Die ermittelten Zahlen lagen um das 10-fache höher als jene, die vorangehende Analysen berechnet hatten. Einen Eindruck von den früheren Schätzungen gibt eine große Studie, worin die Todesfälle durch Blei für 2015 weltweit mit „lediglich“ 558.000 veranschlagt worden waren. Bemerkenswert: Die Hälfte der Gestorbenen hatte das 70. Lebensjahr überschritten.

Die eklatante Unterschätzung, argumentieren die Autoren, rühre daher, dass Toxikologen bis dato Bleikonzentrationen erst ab 5 μg/dl berücksichtigt hätten. Der Grund: Es herrschte die Ansicht vor, niedrigere Werte würden sich nicht auf die Mortalität auswirken.

„Die Ergebnisse legen nahe, dass selbst eine geringfügige Blei-Exposition ein wichtiger, weithin übersehener Risikofaktor für Todesfälle in den USA ist, besonders für Todesfälle aus kardiovaskulärer Ursache“, schreiben sie.

Damit werde auch die Hypothese, für toxische Substanzen – ob Blei, Tabak oder Luftschadstoffe – existierten Schwellenwerte, immer hinfälliger. Mittlerweile seien toxische Effekte auf viele Organe bereits ab Mengen nachgewiesen, die lange als unbedenklich galten. So zeigten sich kognitive Defizite und Verhaltensstörungen bei Kindern bereits bei geringer Exposition.

 
Bisher hat man die Gefahr, die von Blei ausgeht, weitgehend ignoriert. Prof. Dr. Philip John Landrigan
 

Die Schlüsselerkenntnis der Studie liege darin, dass Blei kardiovaskuläre Störungen in einer bisher unerkannten Größenordnung verschlimmere, bekräftigt Prof. Dr. Philip John Landrigan in seinem Kommentar den Standpunkt der kanadischen Autoren [2].

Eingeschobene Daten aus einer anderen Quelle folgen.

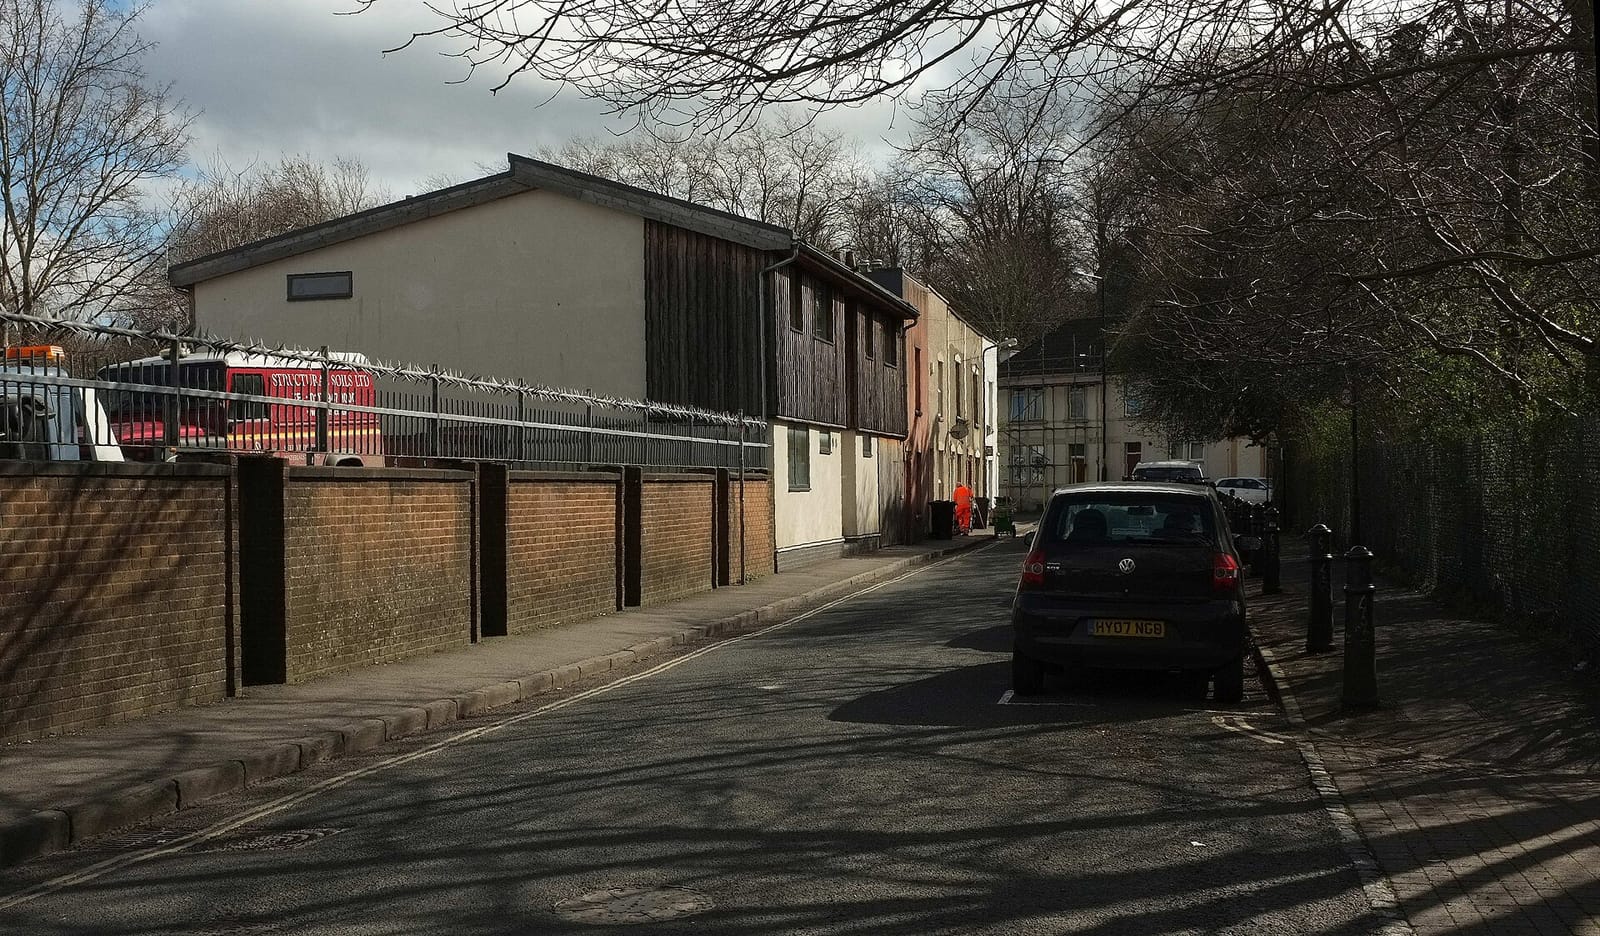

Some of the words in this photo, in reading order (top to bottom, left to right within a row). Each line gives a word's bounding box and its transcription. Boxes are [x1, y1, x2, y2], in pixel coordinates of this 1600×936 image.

Der Kinderarzt und Epidemiologe an der Mount Sinai School of Medicine in New York, USA, plädiert dafür, die Daten als Mahnung aufzufassen. „Bisher hat man die Gefahr, die von Blei ausgeht, weitgehend ignoriert. Und das ist ja nur ein Teil der allgemeinen Vernachlässigung, die allen Formen schleichender Vergiftung und ihren Folgen für die Mortalität durch Herz- und Gefäßkrankheiten entgegengebracht wird“, moniert Landrigan.

In armen Ländern ist Blei eine größere Gefahr als Rauchen oder Übergewicht

Dabei seien die Ergebnisse von globaler Bedeutung, betont der Experte. Denn Todesfälle aus kardiovaskulärer Ursache seien weltweit von 2002 bis 2015 um 12,5% gestiegen, und zwar am steilsten in Ländern mit niedrigem bis mittleren Einkommen. Frühere Analysen hätten das dem Bevölkerungszuwachs und den Verschiebungen der Alterspyramide zugeschrieben, weiterhin der Ausbreitung verhaltensbedingter und metabolischer Risiken wie Rauchen, Hypertonie, ungesunder Ernährung, Bewegungsmangel, Übergewicht und Alkoholmissbrauch.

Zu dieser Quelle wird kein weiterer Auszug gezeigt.